[发明专利]一种肺癌EGFR L858R位点的ddPCR检测方法及应用

说明书

一种肺癌EGFR L858R位点的ddPCR检测方法及应用，根据EGFR基因序列，设计一对包括上游引物和下游引物的扩增引物，根据L858R(2573T>G,COSM6224)突变序列，设计检测野生型序列的探针和检测突变型序列的探针，采用上述引物和探针进行ddPCR，针对ctDNA中的肺癌靶向用药相关的重要位点进行检测分析，首先对肺癌患者外周血浆进行DNA抽提，再利用ddPCR技术检测其中EGFR突变位点L858R的突变情况，并以此指导患者用药。可用于肿瘤的Ⅰ期、Ⅱ期、ⅢA期等早期肺癌诊断,可检测0.0625％EGFR基因L858R突变，灵敏度可达到常规方法的10倍以上。

技术领域

本发明一种肺癌EGFR L858R位点的ddPCR检测方法及应用技术，属于医学和生物技术领域，涉及IPC分类中C12Q包含酶或微生物的测定或检验方法的改进技术，可用于指导肿瘤用药的基因检测，尤其是高灵敏度地检测外周血浆/血清中EGFR基因L858R位点突变，以及进一步根据检测结果来指导对于具有EGFR L858R位点突变的肺癌患者对表皮生长因子受体-酪氨酸抑制剂(EGFR-TKIs)类靶向药物的用药。

背景技术

由于肿瘤组织取样难度大，血液检测EGFR基因突变将成为筛选表皮生长因子受体-酪氨酸抑制剂(EGFR-TKIs)适治患者的重要补充或者替代选择。
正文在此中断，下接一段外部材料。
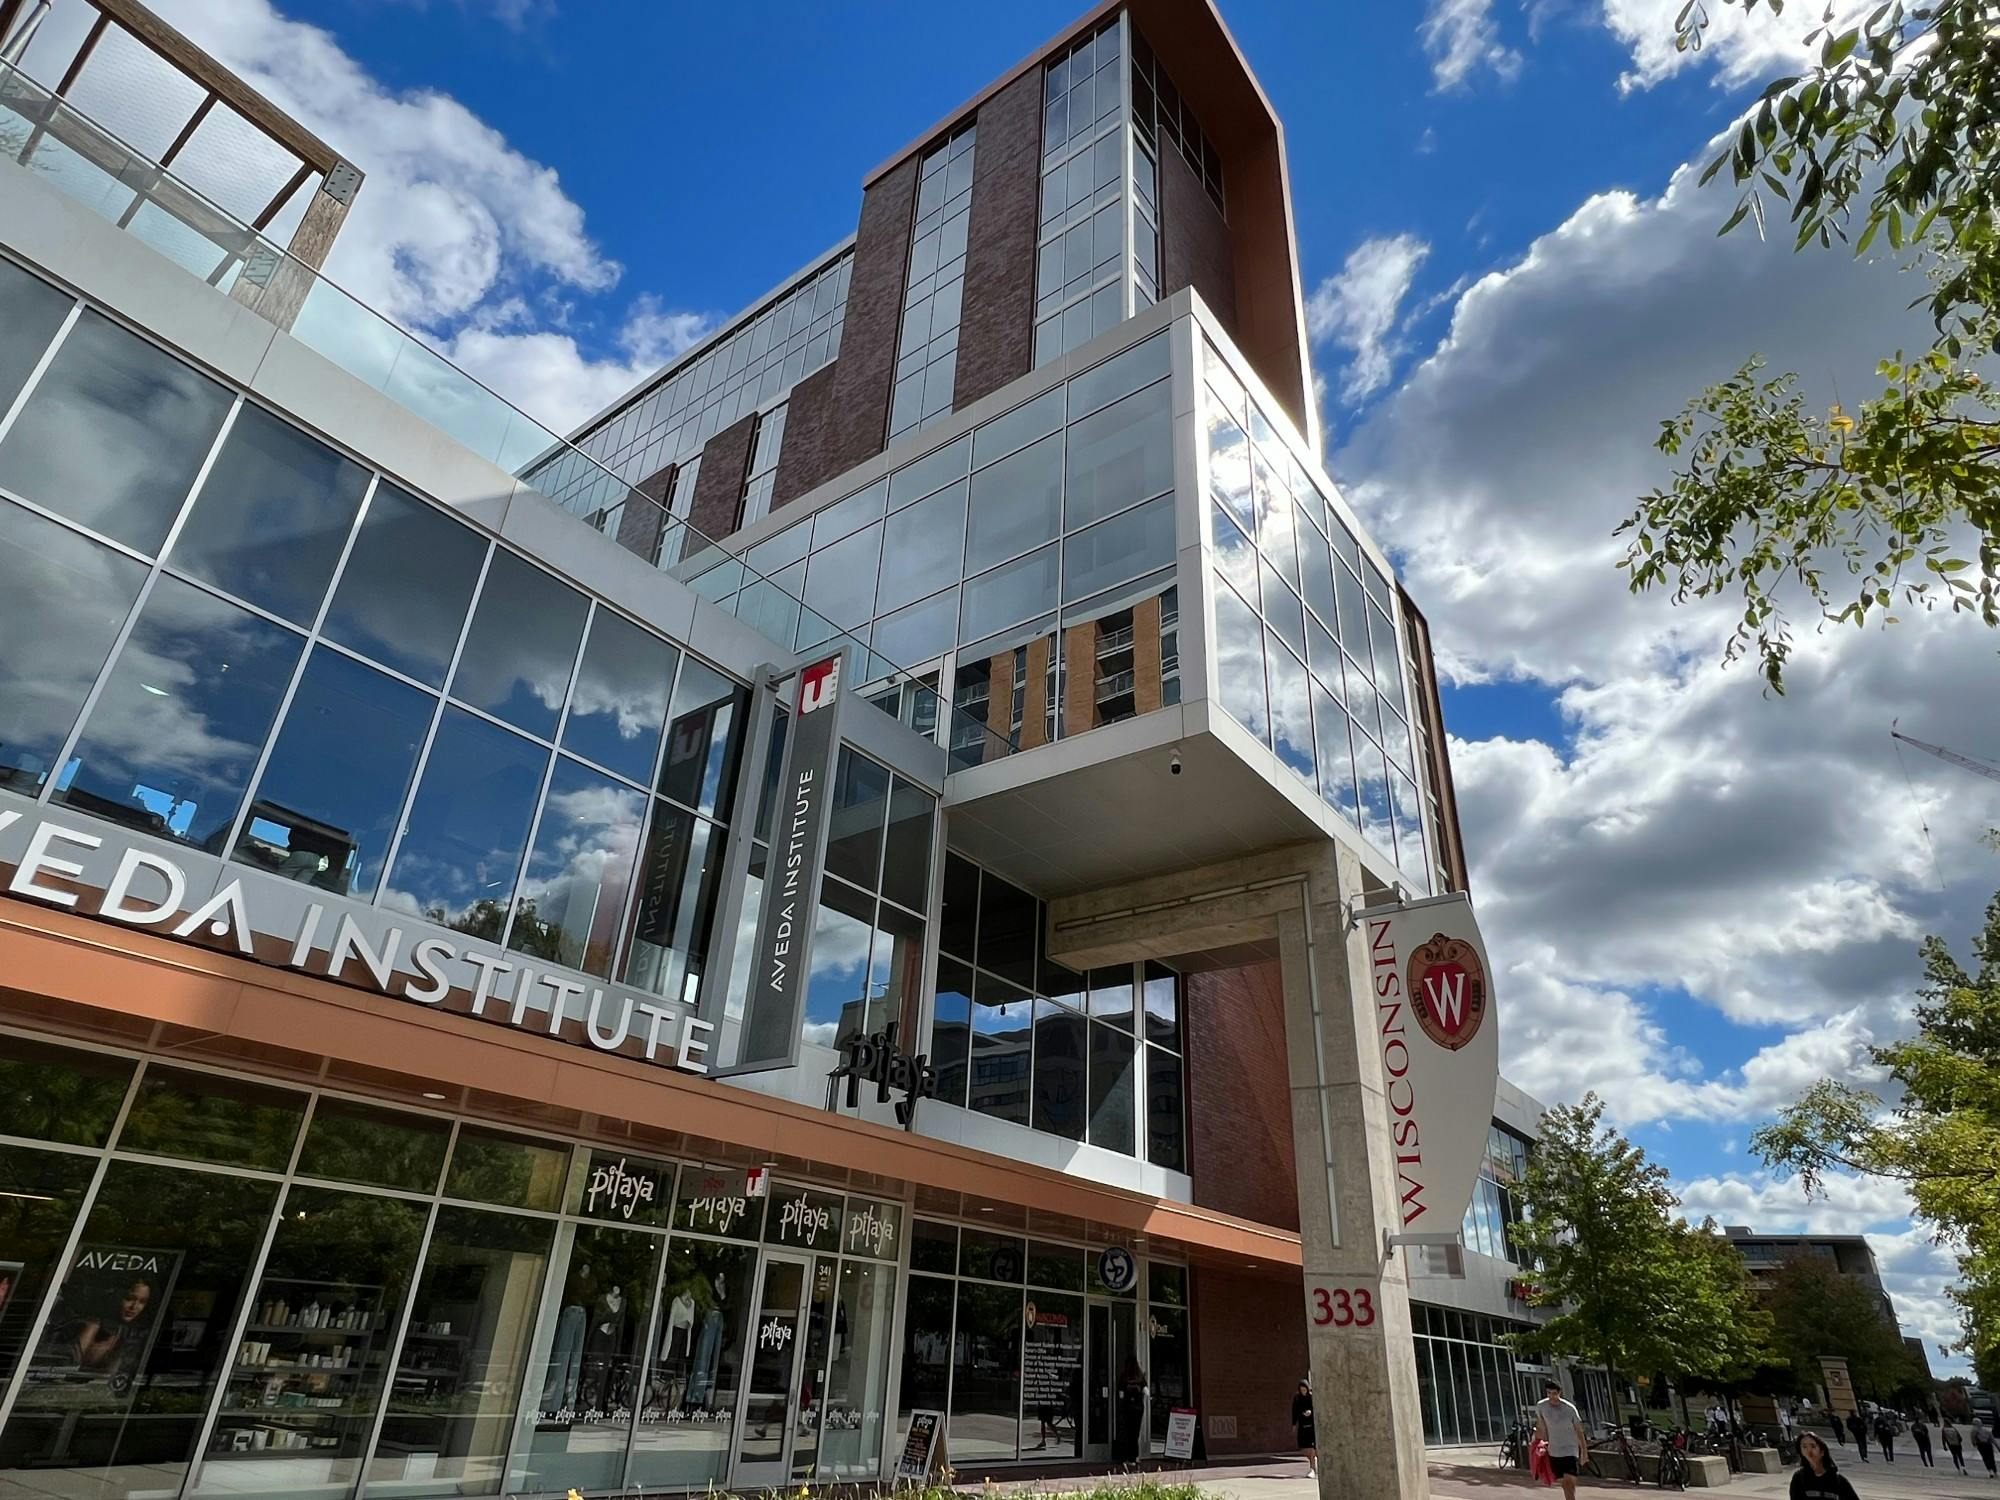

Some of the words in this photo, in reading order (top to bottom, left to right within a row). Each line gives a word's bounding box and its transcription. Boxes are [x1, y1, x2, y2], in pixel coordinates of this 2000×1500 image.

[769, 902, 796, 992] AVEDA
[783, 768, 814, 897] INSTITUTE
[291, 904, 716, 1073] INSTITUTE
[1423, 972, 1466, 1028] W
[1369, 919, 1428, 1227] WISCONSIN
[588, 1158, 654, 1218] pitaya
[780, 1192, 829, 1245] pitaya
[850, 1205, 894, 1255] pitaya
[76, 1251, 158, 1273] AVEDA
[818, 1265, 832, 1277] 341
[760, 1317, 792, 1350] pitaya
[1313, 1287, 1376, 1327] 333
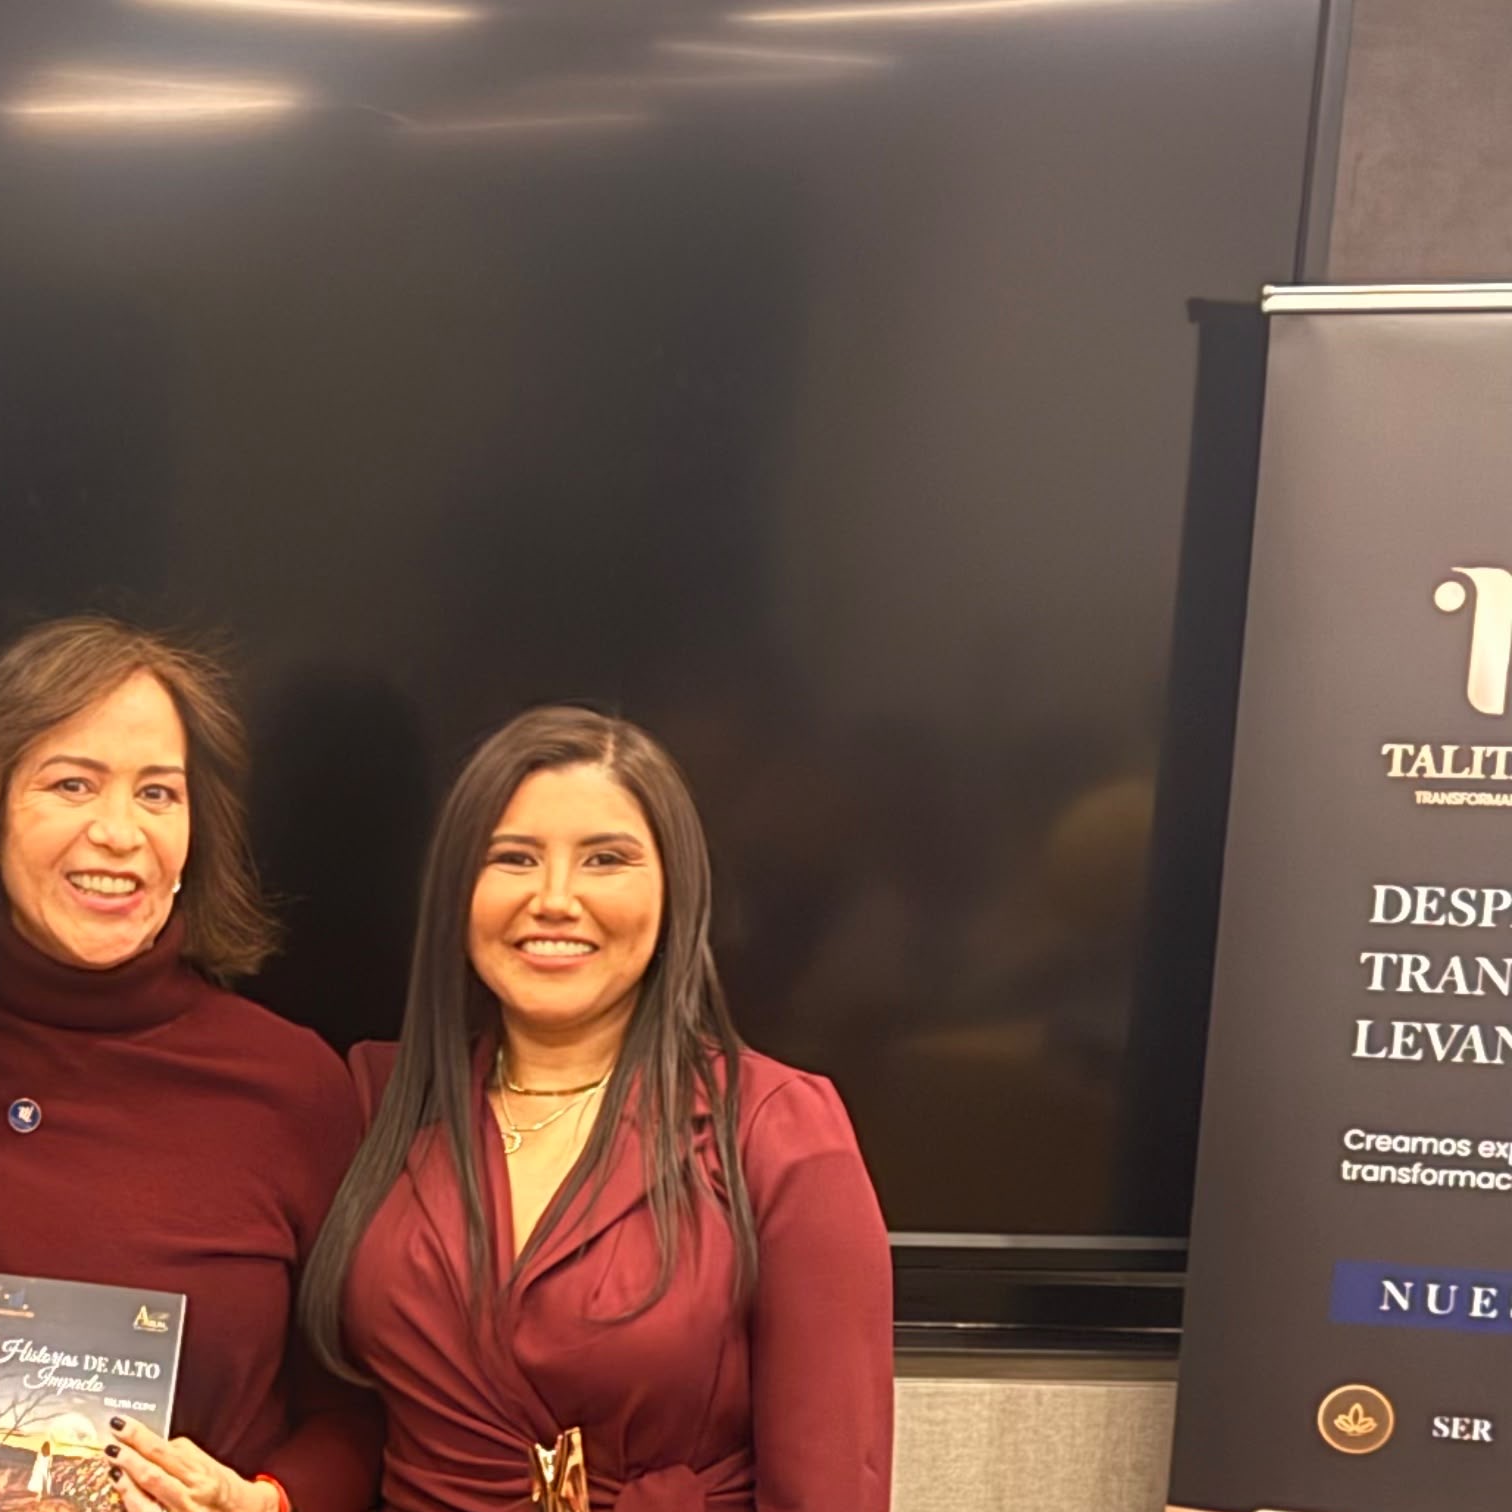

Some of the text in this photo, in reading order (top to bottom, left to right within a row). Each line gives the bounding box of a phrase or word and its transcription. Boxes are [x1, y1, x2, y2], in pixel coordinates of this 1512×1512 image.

但是血液检测的应用存在巨大挑战，原因在于血液检测本身存在检测物质含量低，特别是早期肿瘤病人血液中检测物质含量更是少之又少。血液检测用于诊断非小细胞肺癌(NSCLC)能否实现与检测技术的发展和进步密不可分。目前已有很多血液检测的方法报道，如HRM法、Arms-qPCR法、CAST-PCR法等，但这些方法检测EGFR敏感型基因突变的敏感度和特异性均有待提高，因而这些方法应用于血液检测、特别是早期癌症血液检测的可靠性和准确性仍存在质疑。

对于发生EGFR突变的晚期非小细胞肺癌患者，应用表皮生长因子受体-酪氨酸抑制剂(EGFR-TKIs)类靶向药物治疗非常有效，例如吉非替尼(gefitinib)、厄洛替尼(erlotinib)、阿法特罗(afatinib)和达沙替尼(dasatinib)。因此，检测EGFR基因是否突变成为肺癌病人是否使用EGFR靶向药物的前提条件，这也已经在非小细胞肺癌血液EGFR基因突变检测技术领域形成中国专家共识。

尽管肿瘤组织和肿瘤细胞学样本是EGFR突变检测的最佳样本，但此类样本获取难度大。检测血浆或血清中的游离核酸cfDNA(Circulating free DNA),又称“液体活检”，避免了需要肿瘤组织的活检，在临床上是一种非常有用的诊断应用。使用液体活检提供了重复采血的可能性，从而允许在肿瘤发生过程中或者癌症治疗期间追踪cfDNA的变化，进而监控病情变化，但是应用cfDNA检测准确并特异地检测EGFR突变目前存在巨大的技术挑战。首先，血液中的cfDNA含量因人而异，而且大部分情况都非常低，而其中肿瘤来源的游离核酸ctDNA(Circulating tumor DNA)质量更是参差不齐、含量高低不一。不仅如此，EGFR检测方法特异性有待提高。使用血浆检测EGFR突变与肿瘤组织检测结果的符合度仅为65％，因此需要高灵敏度和高特异性检测EGFR突变的方法。

应用血浆/血清ctDNA检测EGFR突变，目前检测方法主要有：

1)高分辨率熔解曲线(HRM)。HRM是一种基于单核苷酸熔解温度不同而形成不同形态熔解曲线的基因分析技术，检测敏感度在1％-10％左右，然而，由于染料法假阳性高，后期需要测序验证，导致检测周期较长。

2)探针扩增阻滞突变法(ARMS-qPCR)。专利号CN104099422A公开相应技术，包括利用PCR引物的3’端末位碱基必须与其模板DNA互补才能有效扩增的原理，将有某种点突变的模板与正常模板区分开来，该检测方法的灵敏度高于HRM，约为1％。